And this year the Loredo case went to a grand jury and someone, we don’t know who, was not indicted.

Jose’s children say district attorney Andrew Jones didn’t even bother to tell them their father’s death was even presented to a grand jury.

“We’ll never have closure if we don’t know what happened,” expressed Yesenia.

The complaints about jail misconduct in Nacogdoches are mounting, but the same cast of characters in the sheriff’s department have escaped court punishment because of qualified immunity.

And going to bat against this wall of secrecy in the news desert of east Texas gets you a chance to meet fellas like Robert Davis. Who wants you to know, I lie for a living.

“Unfortunately, I have to talk to people who I don’t think are very ethical. I think what you are doing to hide stuff in Nacogdoches County is disgusting.

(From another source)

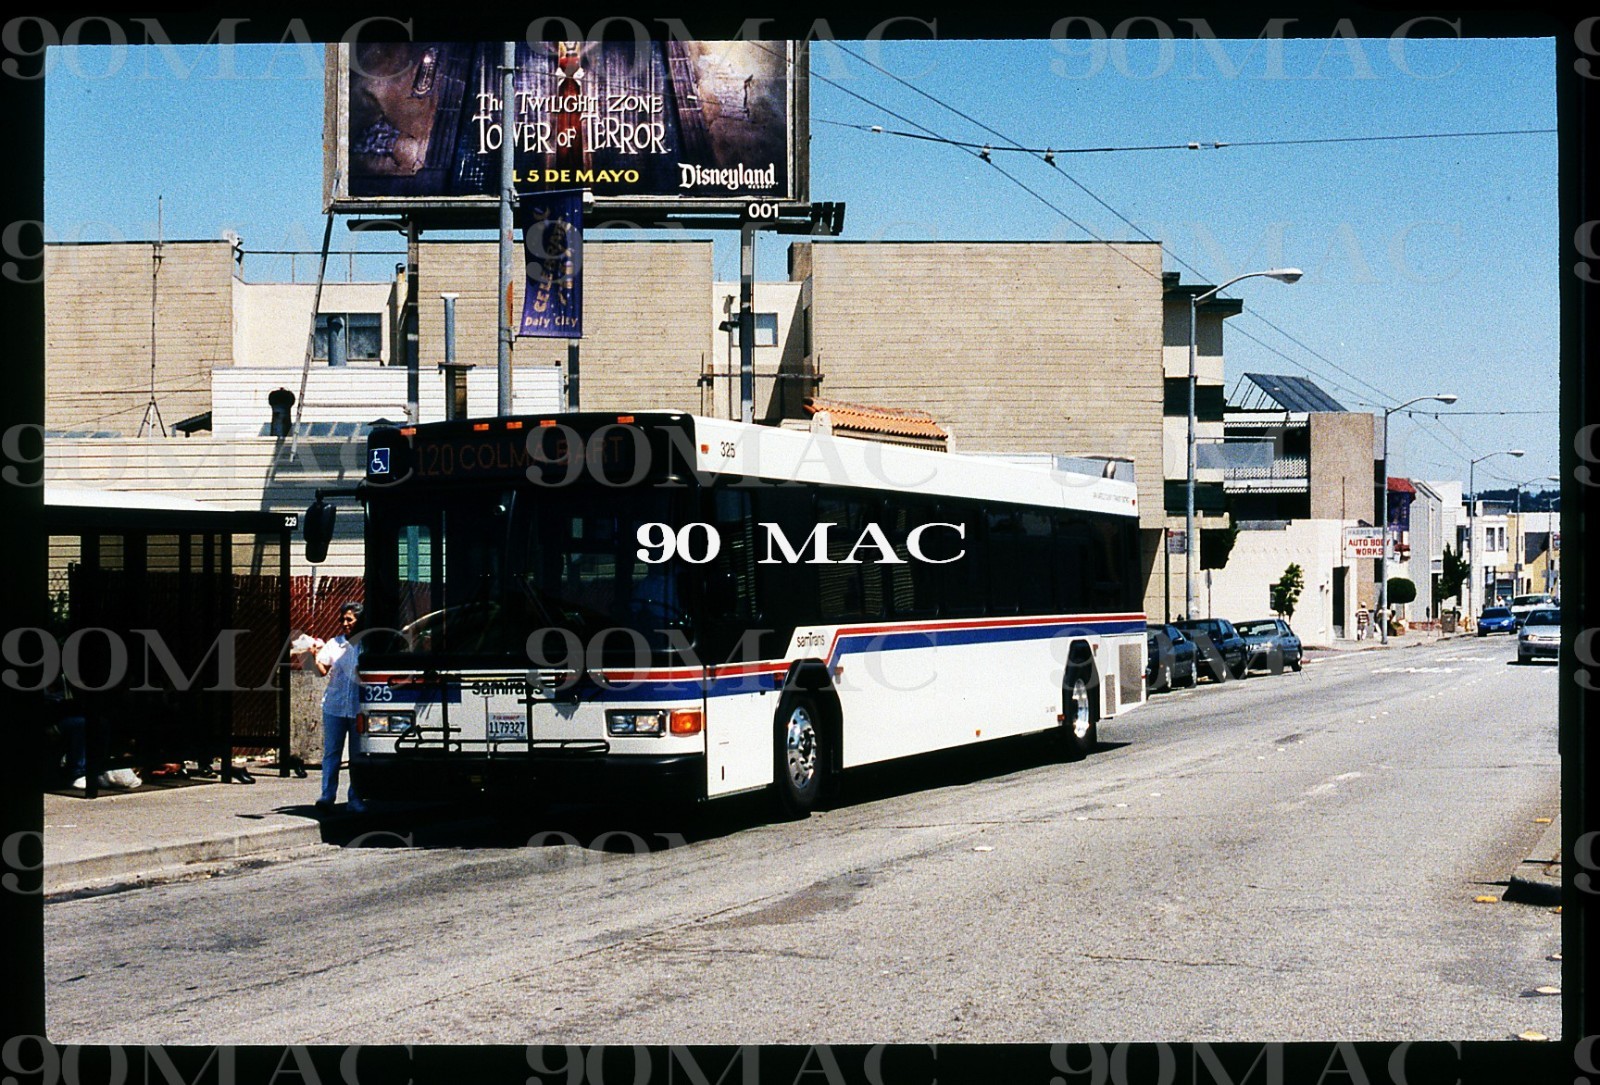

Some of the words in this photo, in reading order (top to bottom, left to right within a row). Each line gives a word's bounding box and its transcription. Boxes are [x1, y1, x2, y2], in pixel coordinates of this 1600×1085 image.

We know Judge Truncale isn’t happy the Hanzich jail video was leaked, but we hope this explains why a frustrated Joseph Hanzich wanted us to see the video of what happened to him because it confirmed his story.

We alone decided it was important to show it to you, Joseph should not be punished.

Robert Davis, he did tell the judge the mysterious injection that Hanzich got after he was put in the restraint chair was just a simple Tuberculosis shot.

He didn’t explain the seizure we saw a minute later, why no ambulance was called.

“You sir are a piece of filth,” exclaimed Davis.

See you again soon Mr. Davis.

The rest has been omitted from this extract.